This extreme rise in 2009-2010 has been attributed to the downturn of a major current called the Atlantic meridional overturning circulation (AMOC). As changes to sea levels are sensitive to multiple factors, there is volatility around this increase. The AMOC is one of the ocean’s dynamics that is known to have greatly changed over time. It has been shown that weakening and variation of the AMOC is linked to increases of greenhouse gas emissions.

Sea level rise is one of the most tangible effects of climate change and climate models suggest that even with the mitigation of greenhouse gas emissions, sea levels will continue to increase this century.

A study by Kopp et al. has attempted to determine probabilistic bands for sea rise.
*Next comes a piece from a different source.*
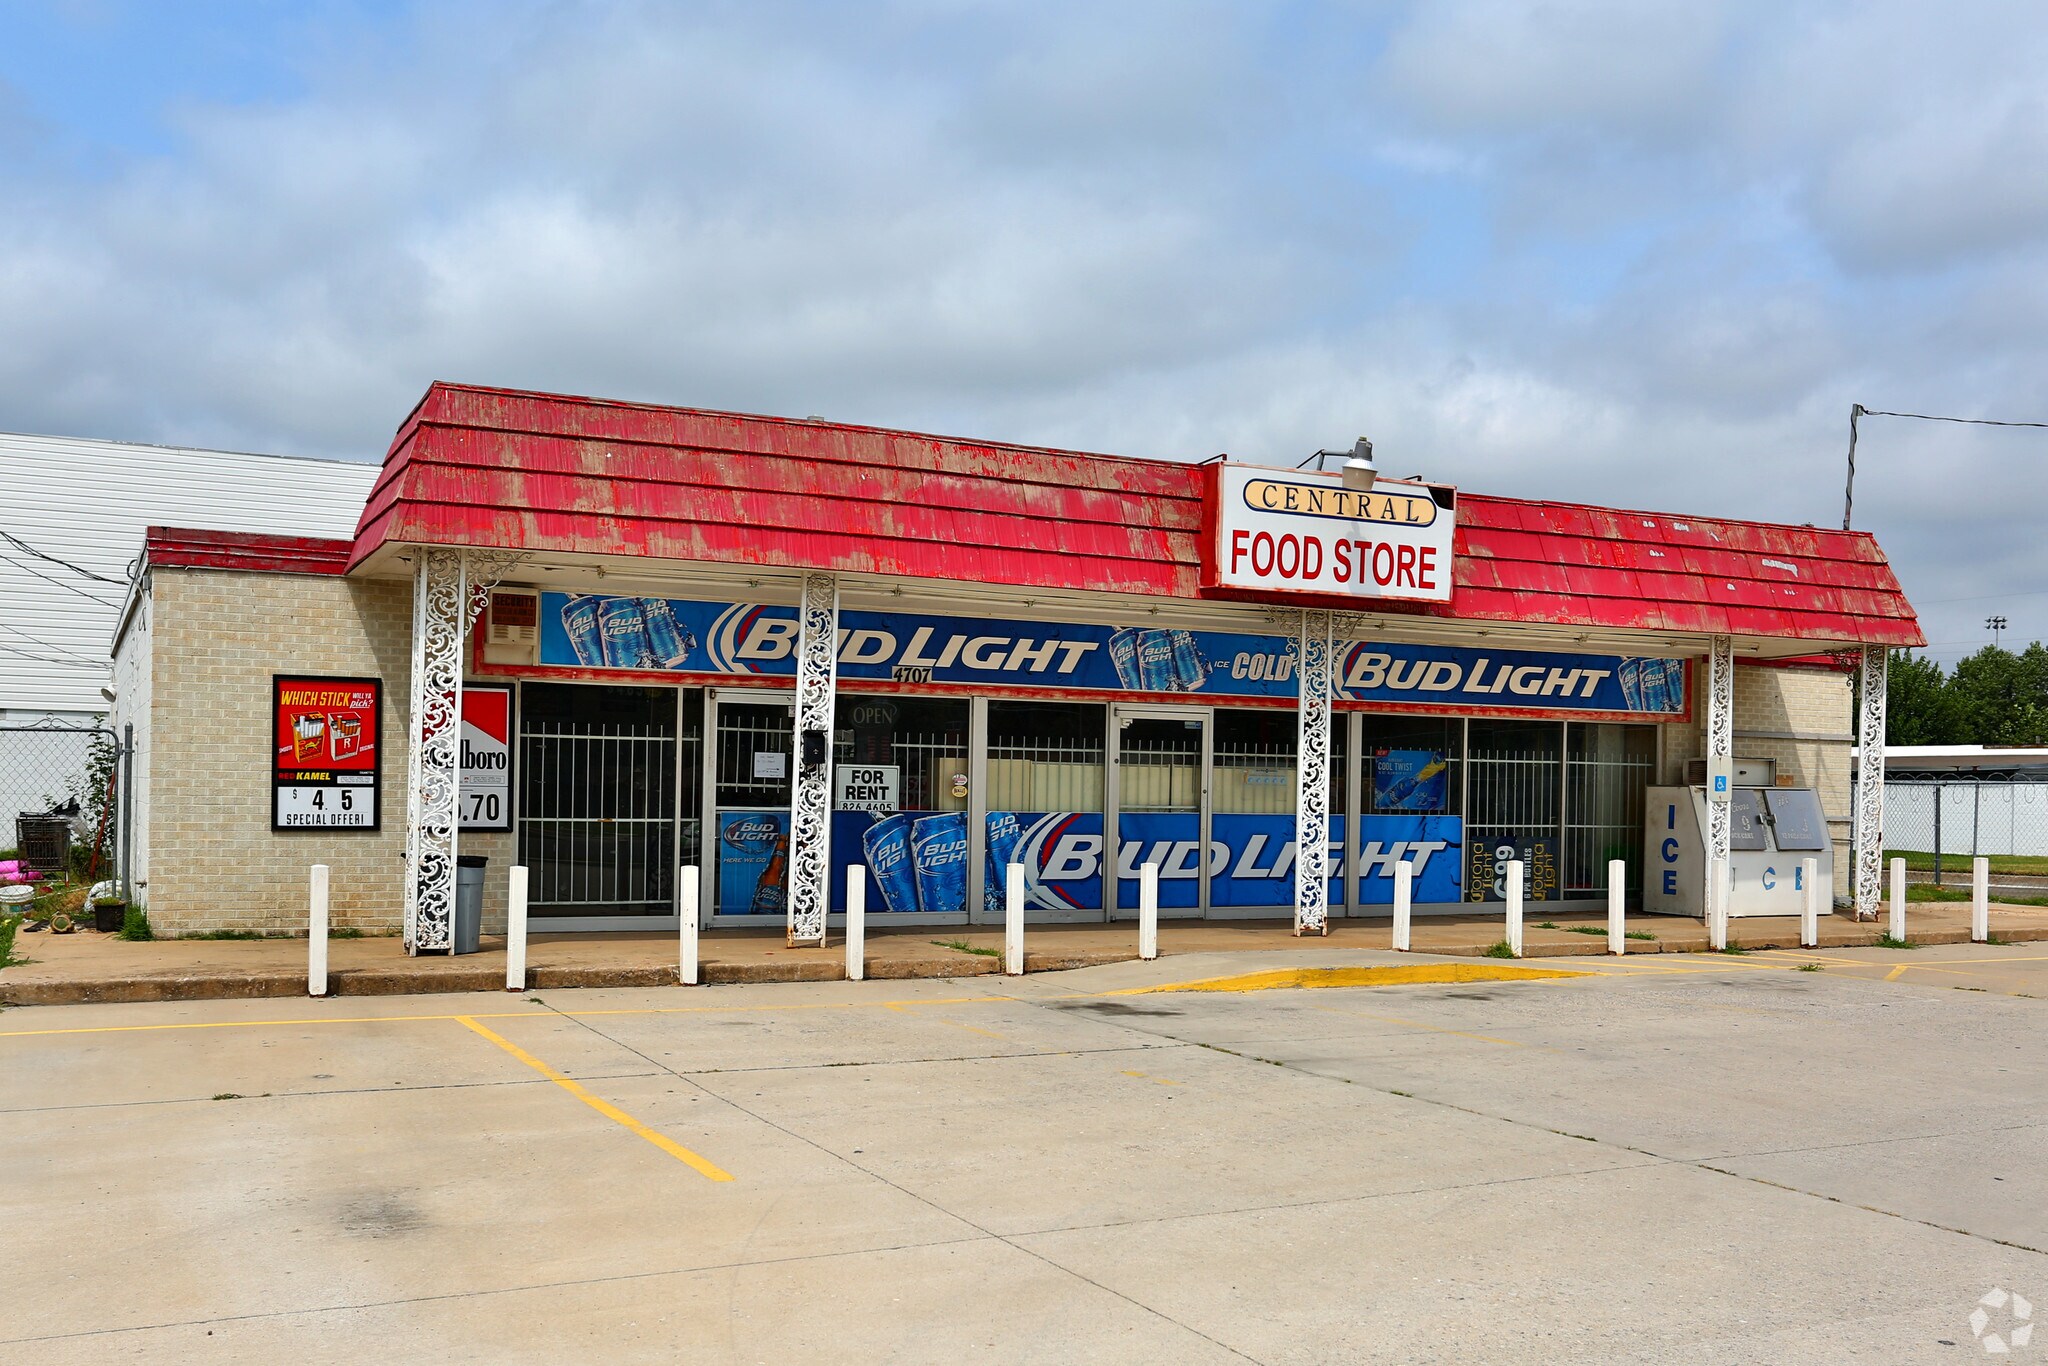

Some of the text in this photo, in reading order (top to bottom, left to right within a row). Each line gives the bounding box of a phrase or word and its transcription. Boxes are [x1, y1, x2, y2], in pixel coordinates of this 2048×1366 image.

The figure below shows the distribution of possible sea-level rises at New York City’s Battery Park throughout the century compared to selected historical hurricane surges. The 50th percentile projection of sea level rise is represented as the red line in the figure.

New York is already one of the most vulnerable cities to hurricanes in the United States; New York is among the top five U.S. states for average annual loss and, due to a combination of factors, New York will likely suffer a sea level rise greater than the national average.

A 5” rise in sea levels is equivalent to a hazard increase in the 99th percentile in 2020, or almost the worst-case-scenario, of the distribution of sea level rises in New York. That this can happen over a two-year period shows that this is an issue that the market should not only be aware of but also considering in risk management.

In the Northeast as a whole, surge losses account for about 10% of industry losses, assuming current policy terms which often exclude surge losses; this contribution from surge would increase with a rise in sea levels. Currently, RMS estimates that surge losses in the Northeast account for approximately 1 in 10 dollars of average annual losses. Based on the analysis RMS conducted for the Risky Business report, which used Kopp’s estimates to modify the RMS North Atlantic storm surge model, surge losses could triple by 2100.

The largest recent hurricane loss occurred on October 29th 2012, when Superstorm Sandy made landfall near Atlantic City, NJ. Based on the RMS best loss estimate, Sandy caused insured losses between $20 and $25 billion, with much of the damage due to storm surge, not wind.

Though a surge like Sandy’s at New York City’s Battery Park was approximately a 1-in-450 year event, it could be closer to a 1-in-100 year event by the end of the century. The figure below shows the return-periods for a storm surge as high as Sandy’s occurring at New York City’s Battery Park, under different sea-level assumptions.

Climate change is a politically contentious topic, but the magnitude of the changes seen recently has material effects on the risk to insurers. With the understanding of climate change coming to the fore, the next decades may pose a research challenge for the insurance industry. Though there is uncertainty in the risk, what industry could be better poised to deal with it?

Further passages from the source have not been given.